__Task objective__: Each line of the records needs to be written out exactly, with any image left out.

★ ★ ★ ★

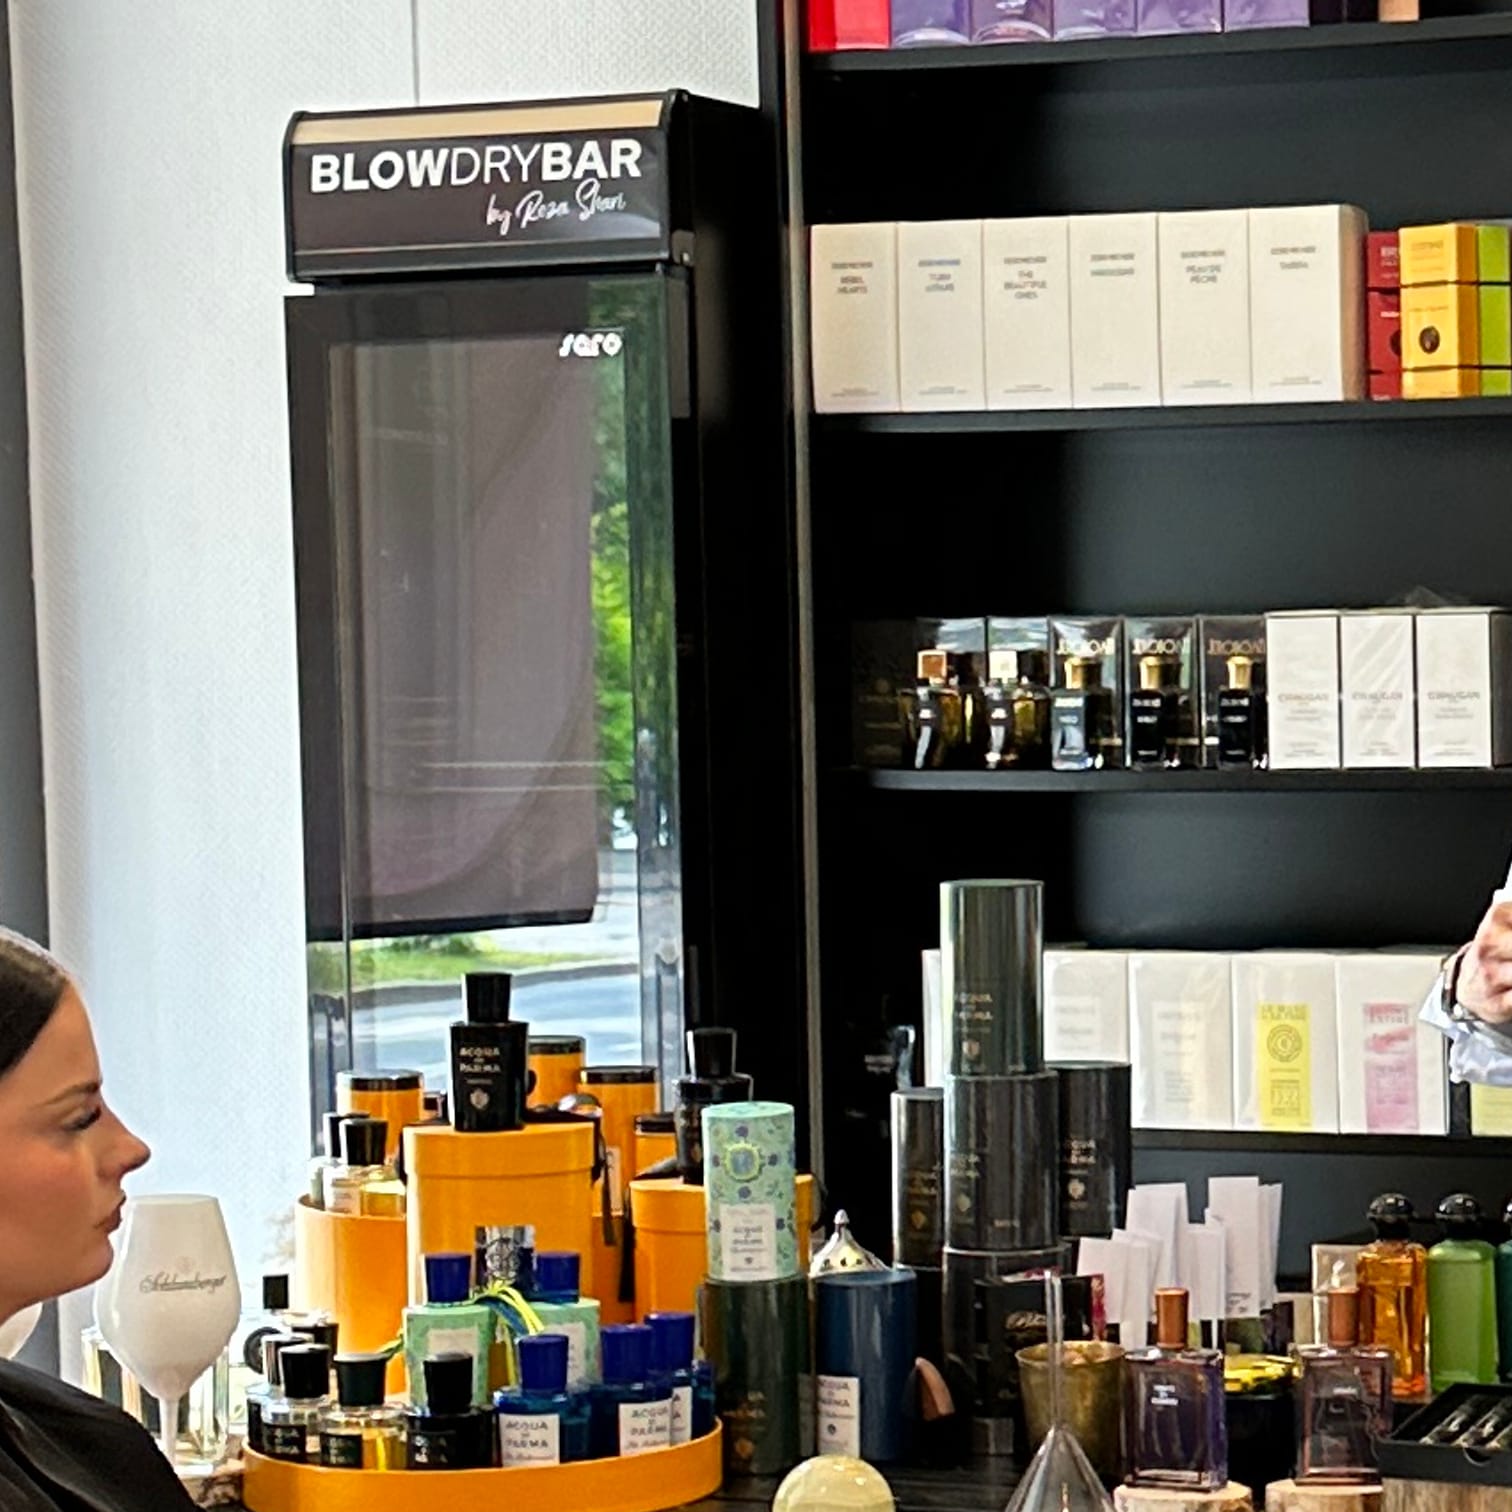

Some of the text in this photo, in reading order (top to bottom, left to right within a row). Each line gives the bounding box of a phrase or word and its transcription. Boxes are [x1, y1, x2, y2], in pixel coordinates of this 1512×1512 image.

[311, 139, 642, 193] BLOWDRYBAR
[486, 193, 513, 237] by
[515, 189, 570, 230] Reza
[459, 1047, 501, 1057] ACQUA
[459, 1063, 501, 1073] PARMA
[505, 1420, 548, 1430] ACQUA
[505, 1439, 548, 1449] PARMA

★ ★ ★ ★

__Your solution__:
Some of the text in this photo, in reading order (top to bottom, left to right within a row). Each line gives the bounding box of a phrase or word and its transcription. Boxes are [x1, y1, x2, y2], in pixel coordinates of this 1512×1512 image.

[311, 139, 642, 193] BLOWDRYBAR
[486, 193, 513, 237] by
[515, 189, 570, 230] Reza
[459, 1047, 501, 1057] ACQUA
[459, 1063, 501, 1073] PARMA
[505, 1420, 548, 1430] ACQUA
[505, 1439, 548, 1449] PARMA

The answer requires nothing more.